Es ist offensichtlich, dass wir uns in einem frühen Stadium des Verständnisses der Verbindung zwischen den beiden Bedingungen befinden. Dies kann nur durch mehr Forschung gelöst werden. Insbesondere Langzeitstudien über sorgfältig charakterisierte Fälle von Depression, um zu sehen, ob wir Unterarten, die das reale Risiko für Alzheimer darstellen, trennen können. Wenn wir könnten und dann herausfinden, was es mit diesem (n) Untertyp (en) eigentlich zu tun hat, wird es viel einfacher, Interventionen zu entwickeln, die dieses Risiko verringern könnten. Zum Beispiel, wenn eine Entzündung im Gehirn die Verbindung ist, dann in der Lage zu erkennen, welche Fälle von Depression durch Entzündung begleitet (oder verursacht werden) würde es uns ermöglichen, es so zu behandeln, dass sowohl Depression (obwohl entzündungshemmende Medikamente haben sich bisher nicht als wirksam erwiesen), aber auch das Risiko einer späteren Alzheimer-Krankheit beseitigen oder reduzieren. Oder es kann sein, dass das gestörte Cortisol der Schuldige ist: In diesem Fall gibt es Möglichkeiten, den schädlichen Wirkungen von überschüssigem Cortisol entgegenzuwirken, die als vorbeugende Maßnahme nützlich sein könnten.

Dies sind nicht die einzigen Möglichkeiten: Nur sorgfältige Forschung wird den Vorhang der Ignoranz aufheben. Solche Studien sind dringend erforderlich: Da sowohl Depressionen als auch Alzheimer häufige Erkrankungen sind, könnte eine Gruppe von Patienten, bei denen eine Alzheimer-Demenz verhindert werden könnte, einen wesentlichen Einfluss auf das Auftreten von Demenz haben und mindestens eine Dunkelziffer verändern Wolke aus dem Leben dieser Menschen.

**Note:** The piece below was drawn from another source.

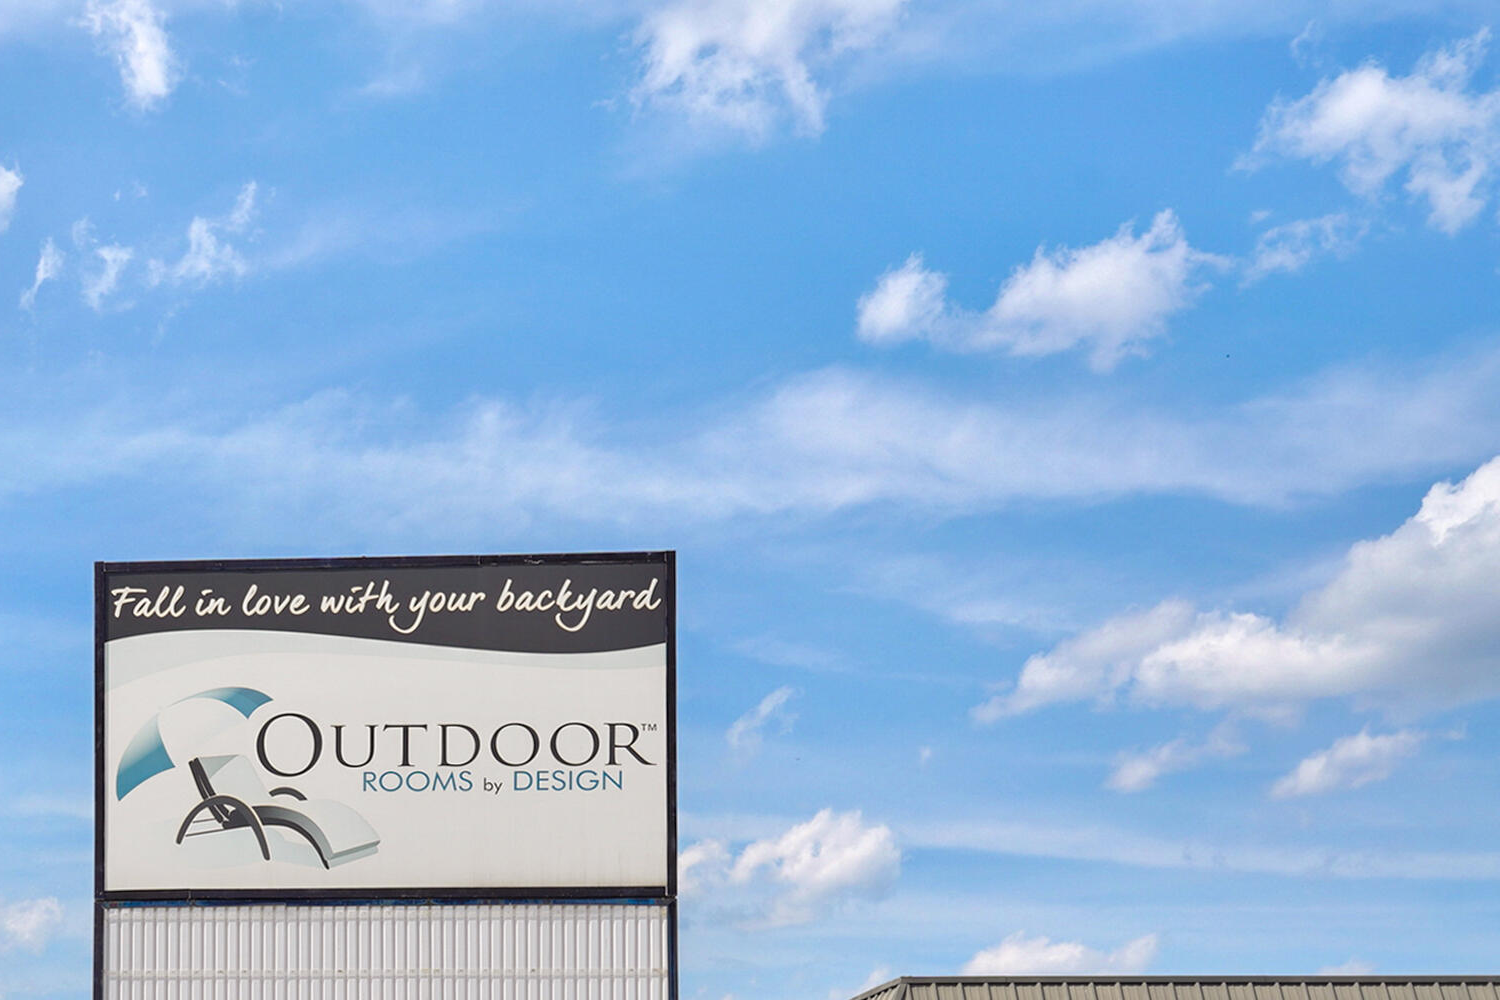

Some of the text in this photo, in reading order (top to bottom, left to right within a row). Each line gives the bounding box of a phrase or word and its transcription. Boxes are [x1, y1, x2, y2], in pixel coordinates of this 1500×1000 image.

[111, 579, 662, 634] Fall in love with your backyard
[255, 712, 658, 778] OUTDOOR
[362, 768, 624, 795] ROOMS by DESIGN

Es ist unwahrscheinlich, dass die Psychiatrie in der Lage ist, das zu liefern, was benötigt wird. Hier liegt ein offensichtlicher Fall für die Art von interdisziplinärer Forschung, die in anderen Bereichen der Medizin so vorteilhaft war. Man braucht nur die Überzeugung, dass es ein lohnendes Problem gibt, das offen gelegt wird, wie man es angehen kann, und ein Treffen dieser Köpfe über die Grenzen der medizinischen, psychologischen und biologischen Forschung hinaus [1].

[1] Diejenigen, die einen technischen Bericht über den Zusammenhang zwischen Depression und Alzheimer lesen möchten, siehe: J Herbert und PJ Lucassen (2016) Depression als Risiko für Alzheimer: Gene, Steroide, Zytokine und Neurogenese – was müssen wir wissen ? Grenzen in der Neuroendokrinologie. (im Druck).